[Opening Dataset records section]

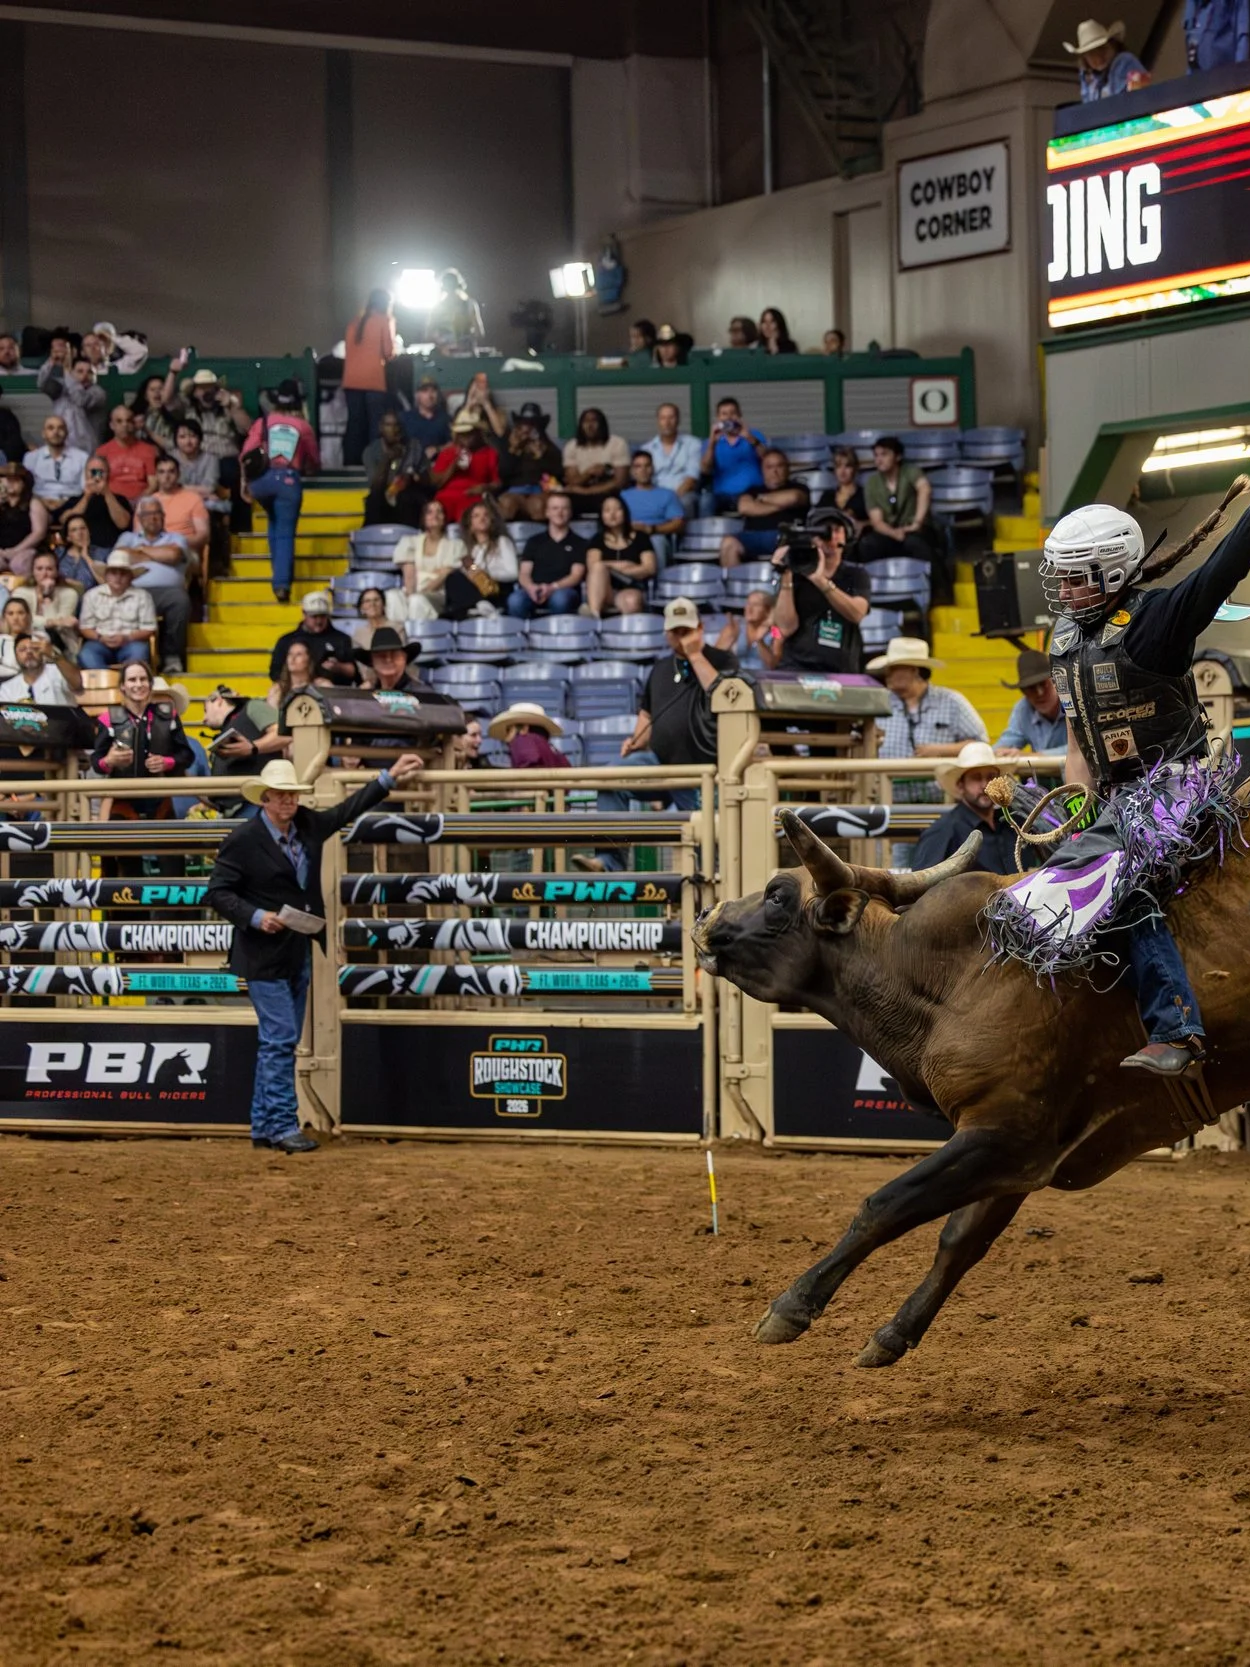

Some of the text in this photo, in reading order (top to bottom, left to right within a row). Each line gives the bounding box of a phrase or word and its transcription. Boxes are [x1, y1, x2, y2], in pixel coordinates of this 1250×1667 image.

[910, 166, 996, 207] COWBOY
[915, 205, 993, 242] CORNER
[920, 388, 949, 414] O
[1104, 729, 1132, 741] ARIAT
[140, 885, 209, 904] PW
[544, 881, 638, 901] PWR
[120, 924, 235, 951] CHAMPIONSHI
[525, 921, 664, 950] CHAMPIONSHIP
[179, 975, 202, 989] TEXAS
[25, 1042, 211, 1084] PBR
[473, 1056, 563, 1088] ROUGHSTOCK
[25, 1089, 206, 1101] PROFESSIONAL BULL RIDERS
[494, 1081, 542, 1095] SHOWCASE
[853, 1100, 916, 1111] PREMI
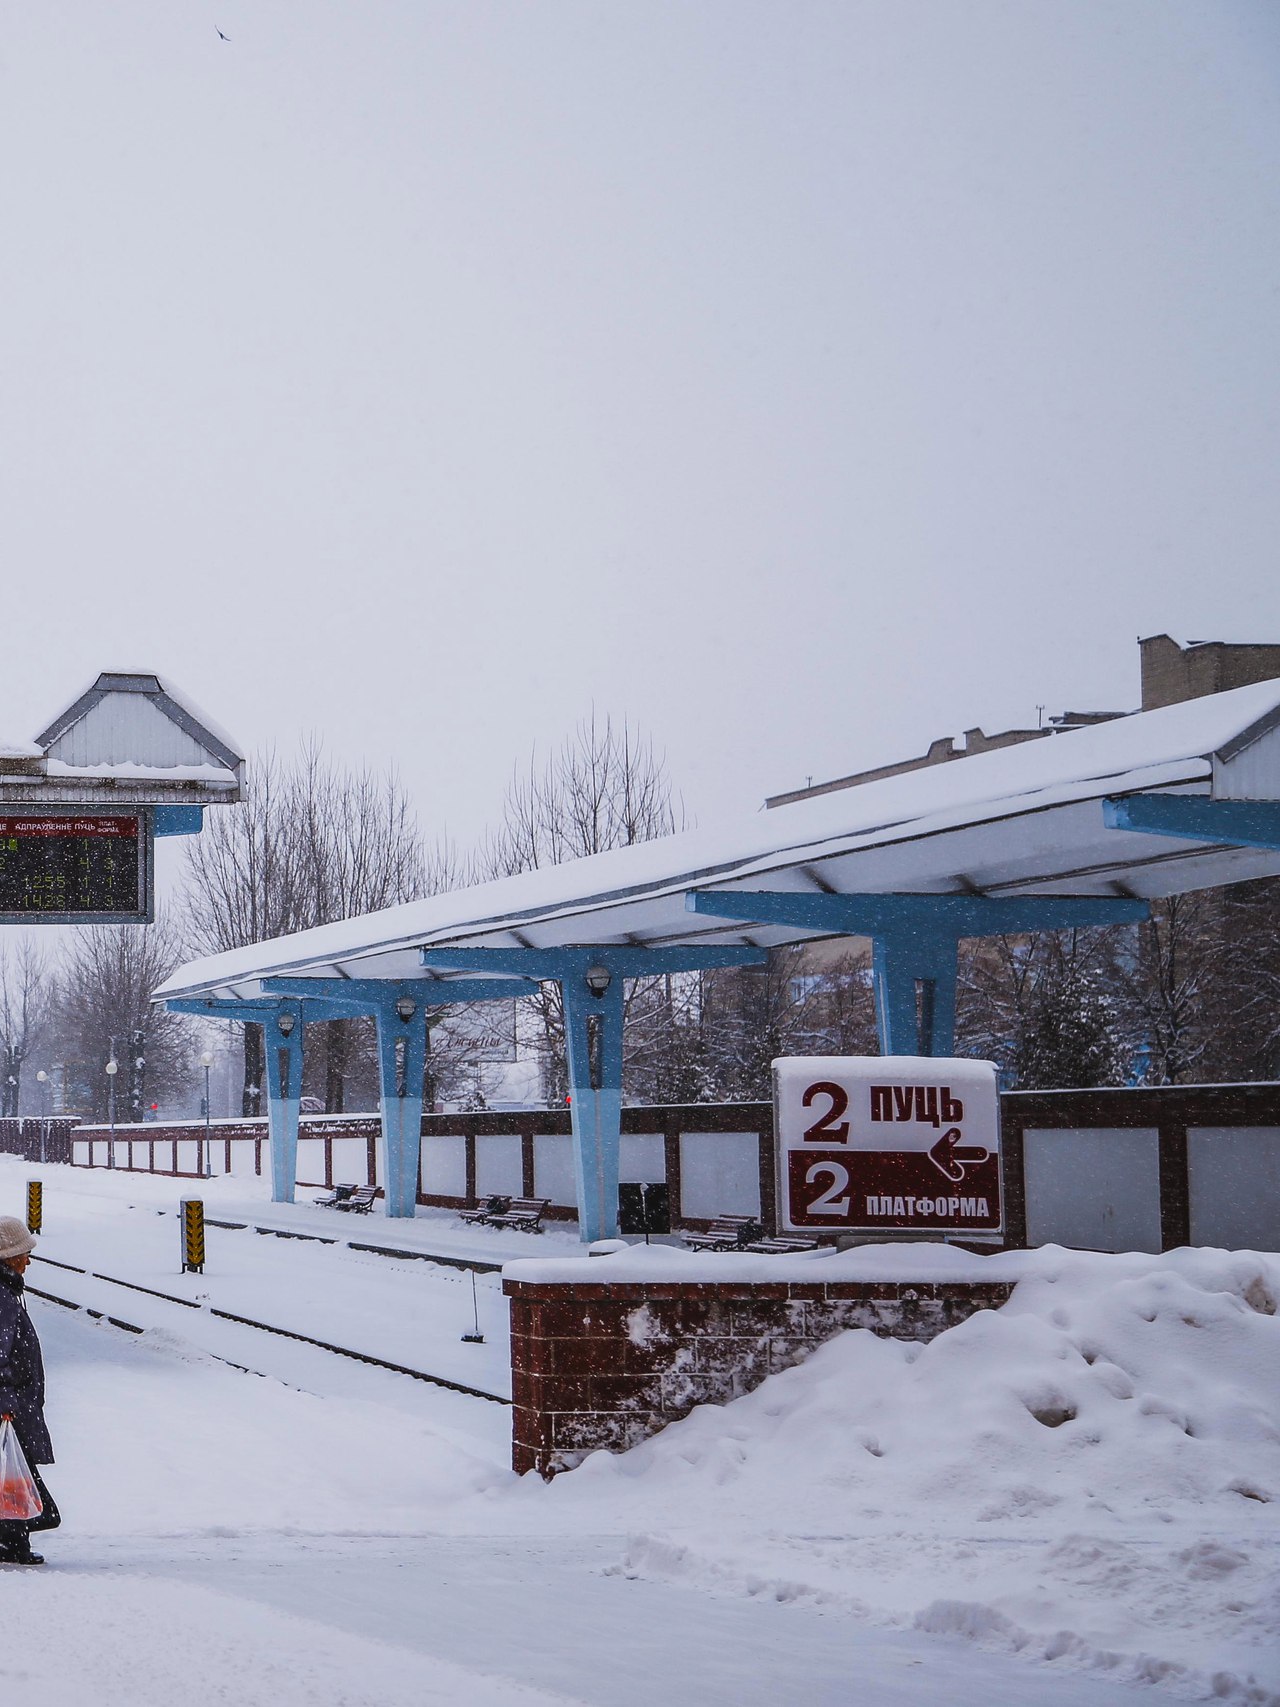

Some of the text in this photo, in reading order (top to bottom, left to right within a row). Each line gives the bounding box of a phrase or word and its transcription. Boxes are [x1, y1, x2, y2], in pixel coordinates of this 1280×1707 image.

[74, 822, 96, 832] ПУЦЬ
[80, 857, 90, 870] 4
[22, 875, 67, 889] 1255
[80, 894, 90, 908] 4
[802, 1081, 964, 1145] 2 ПУЦЬ
[805, 1161, 990, 1217] 2 ПЛАТФОРМА

[Closing Dataset records section]

The records are to be duplicated in full and exactly, with images left out.

Response to the exercise
Some of the text in this photo, in reading order (top to bottom, left to right within a row). Each line gives the bounding box of a phrase or word and its transcription. Boxes are [x1, y1, x2, y2], in pixel coordinates of this 1250×1667 image.

[910, 166, 996, 207] COWBOY
[915, 205, 993, 242] CORNER
[920, 388, 949, 414] O
[1104, 729, 1132, 741] ARIAT
[140, 885, 209, 904] PW
[544, 881, 638, 901] PWR
[120, 924, 235, 951] CHAMPIONSHI
[525, 921, 664, 950] CHAMPIONSHIP
[179, 975, 202, 989] TEXAS
[25, 1042, 211, 1084] PBR
[473, 1056, 563, 1088] ROUGHSTOCK
[25, 1089, 206, 1101] PROFESSIONAL BULL RIDERS
[494, 1081, 542, 1095] SHOWCASE
[853, 1100, 916, 1111] PREMI

Some of the text in this photo, in reading order (top to bottom, left to right within a row). Each line gives the bounding box of a phrase or word and its transcription. Boxes are [x1, y1, x2, y2], in pixel coordinates of this 1280×1707 image.

[74, 822, 96, 832] ПУЦЬ
[80, 857, 90, 870] 4
[22, 875, 67, 889] 1255
[80, 894, 90, 908] 4
[802, 1081, 964, 1145] 2 ПУЦЬ
[805, 1161, 990, 1217] 2 ПЛАТФОРМА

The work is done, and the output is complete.